• _PROBLEM TO WORK ON_: Reproduce all the lines below exactly and omit the images.

══ WORKING DATA

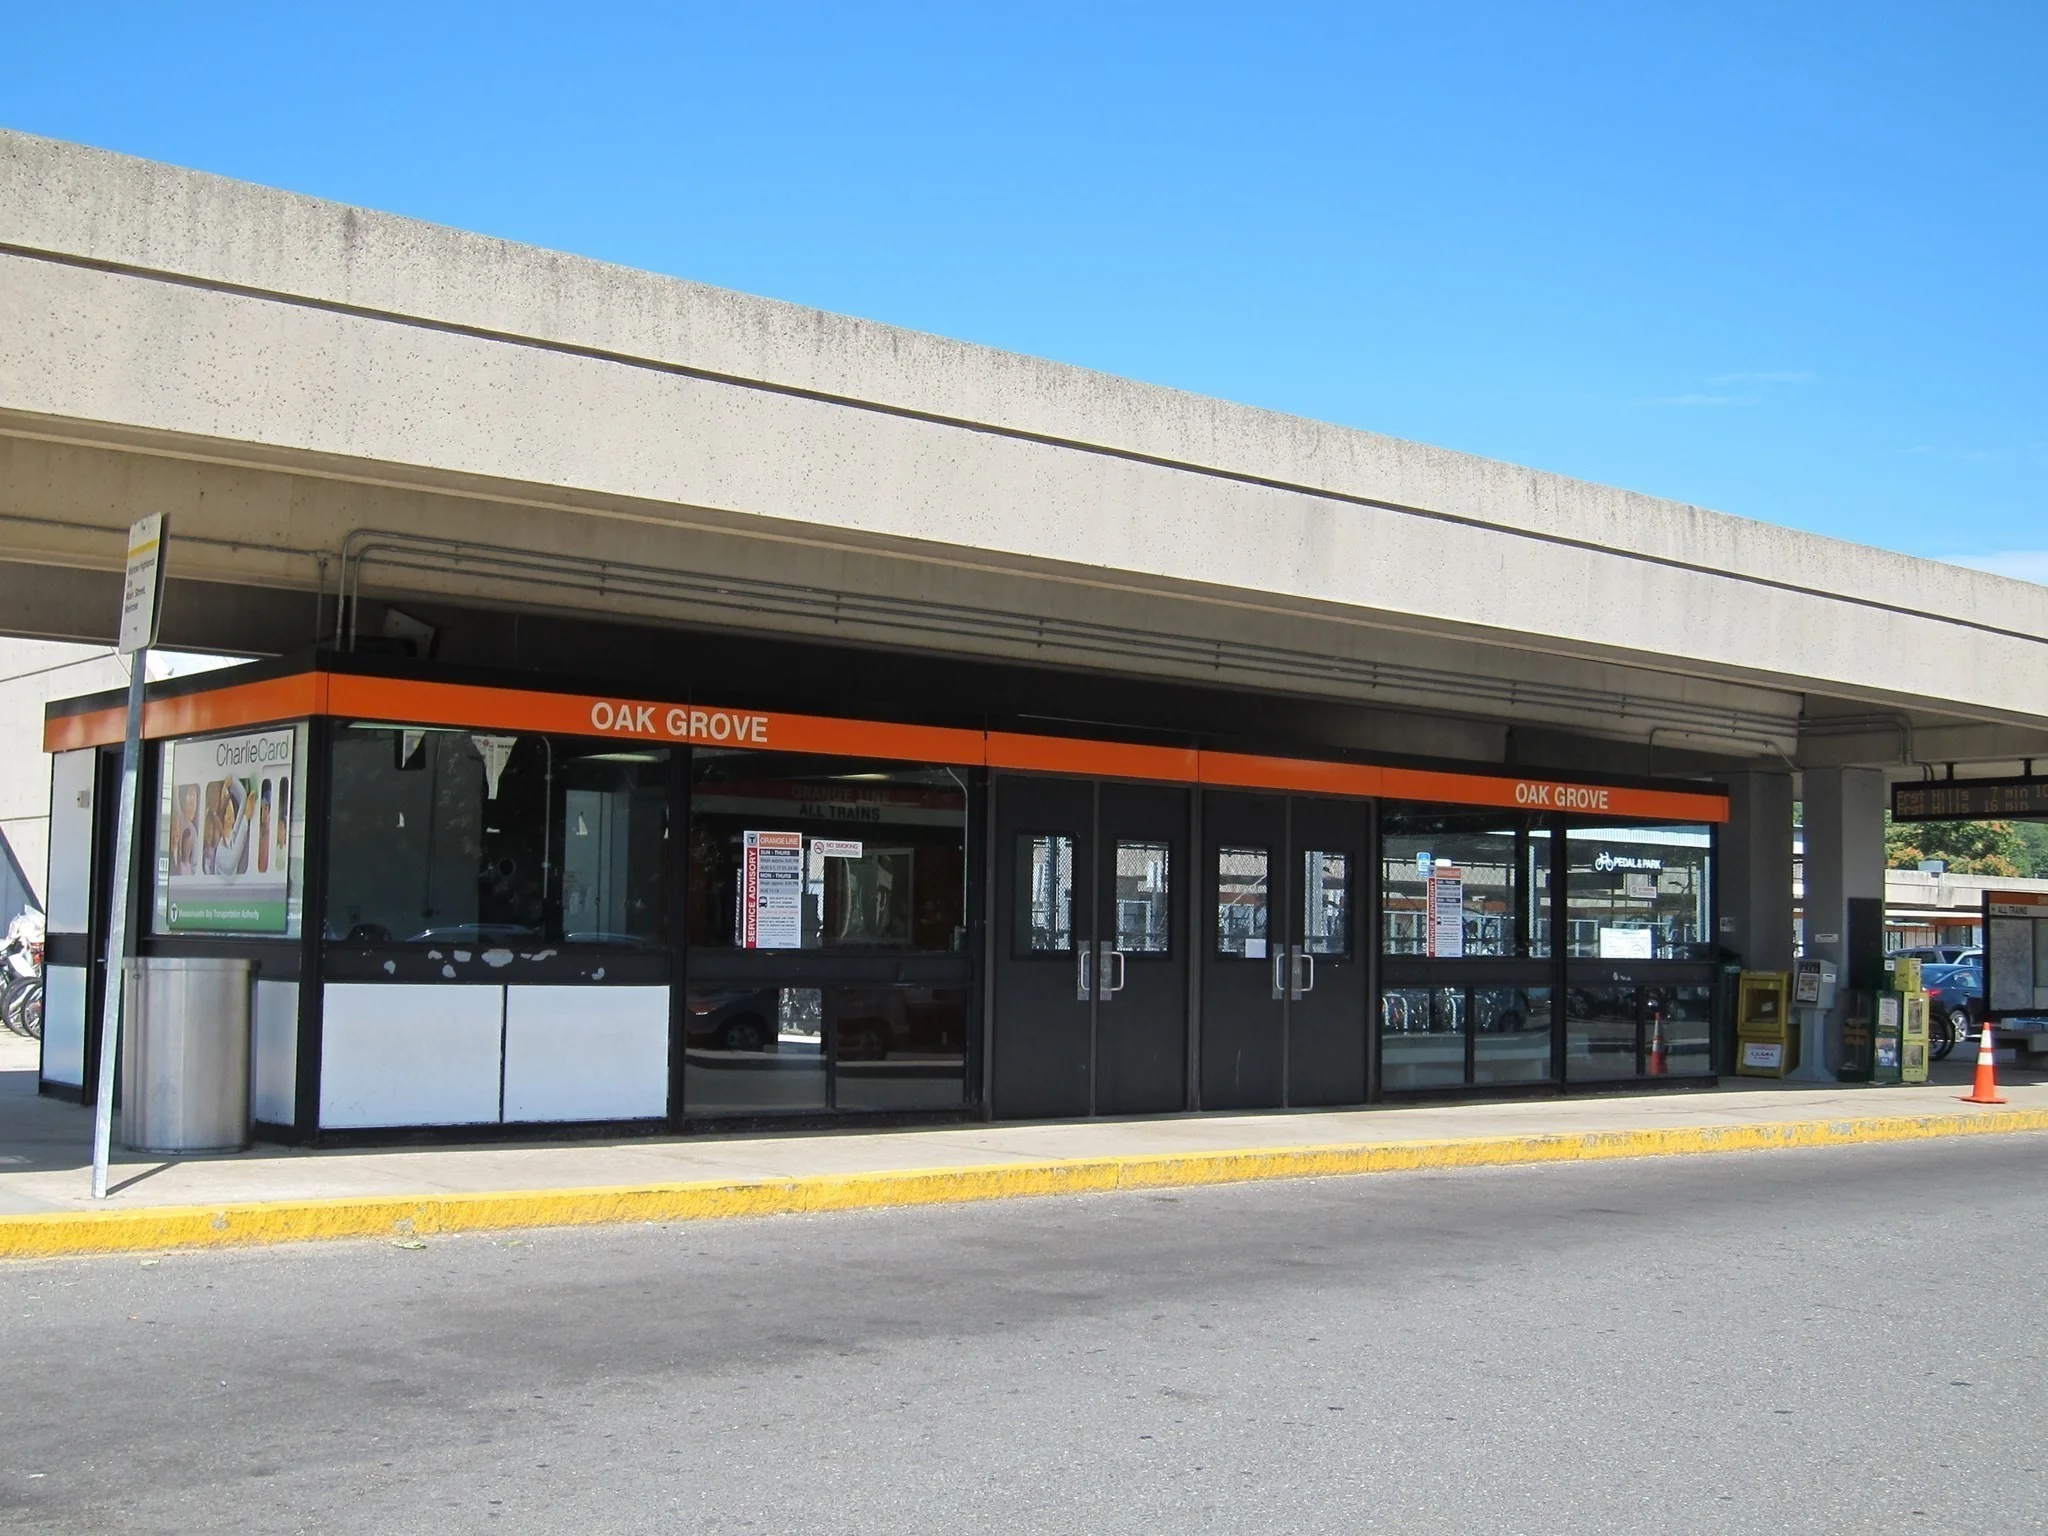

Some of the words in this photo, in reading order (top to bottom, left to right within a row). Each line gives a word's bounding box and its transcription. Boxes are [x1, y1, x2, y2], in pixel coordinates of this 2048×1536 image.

[591, 702, 656, 733] OAK
[666, 708, 768, 742] GROVE
[216, 736, 289, 767] CharlieCard
[1515, 783, 1550, 805] OAK
[1554, 786, 1609, 809] GROVE
[1896, 790, 1924, 803] Frst
[1932, 788, 1969, 802] Hills
[1990, 787, 1998, 800] 7
[2004, 785, 2028, 799] min
[799, 804, 824, 818] ALL
[829, 805, 881, 821] TRAINS
[1896, 803, 1924, 816] Frst
[1932, 801, 1969, 815] Hills
[1984, 800, 1998, 813] 16
[2004, 799, 2029, 812] min
[760, 837, 785, 845] ORANGE
[1613, 857, 1636, 868] PEDAL
[1643, 859, 1661, 869] PARK
[748, 851, 757, 900] ADVISORY
[1997, 905, 2008, 914] ALL
[748, 901, 757, 942] SERVICE

════

• _TASK RESPONSE_:
Some of the words in this photo, in reading order (top to bottom, left to right within a row). Each line gives a word's bounding box and its transcription. Boxes are [x1, y1, x2, y2], in pixel coordinates of this 2048×1536 image.

[591, 702, 656, 733] OAK
[666, 708, 768, 742] GROVE
[216, 736, 289, 767] CharlieCard
[1515, 783, 1550, 805] OAK
[1554, 786, 1609, 809] GROVE
[1896, 790, 1924, 803] Frst
[1932, 788, 1969, 802] Hills
[1990, 787, 1998, 800] 7
[2004, 785, 2028, 799] min
[799, 804, 824, 818] ALL
[829, 805, 881, 821] TRAINS
[1896, 803, 1924, 816] Frst
[1932, 801, 1969, 815] Hills
[1984, 800, 1998, 813] 16
[2004, 799, 2029, 812] min
[760, 837, 785, 845] ORANGE
[1613, 857, 1636, 868] PEDAL
[1643, 859, 1661, 869] PARK
[748, 851, 757, 900] ADVISORY
[1997, 905, 2008, 914] ALL
[748, 901, 757, 942] SERVICE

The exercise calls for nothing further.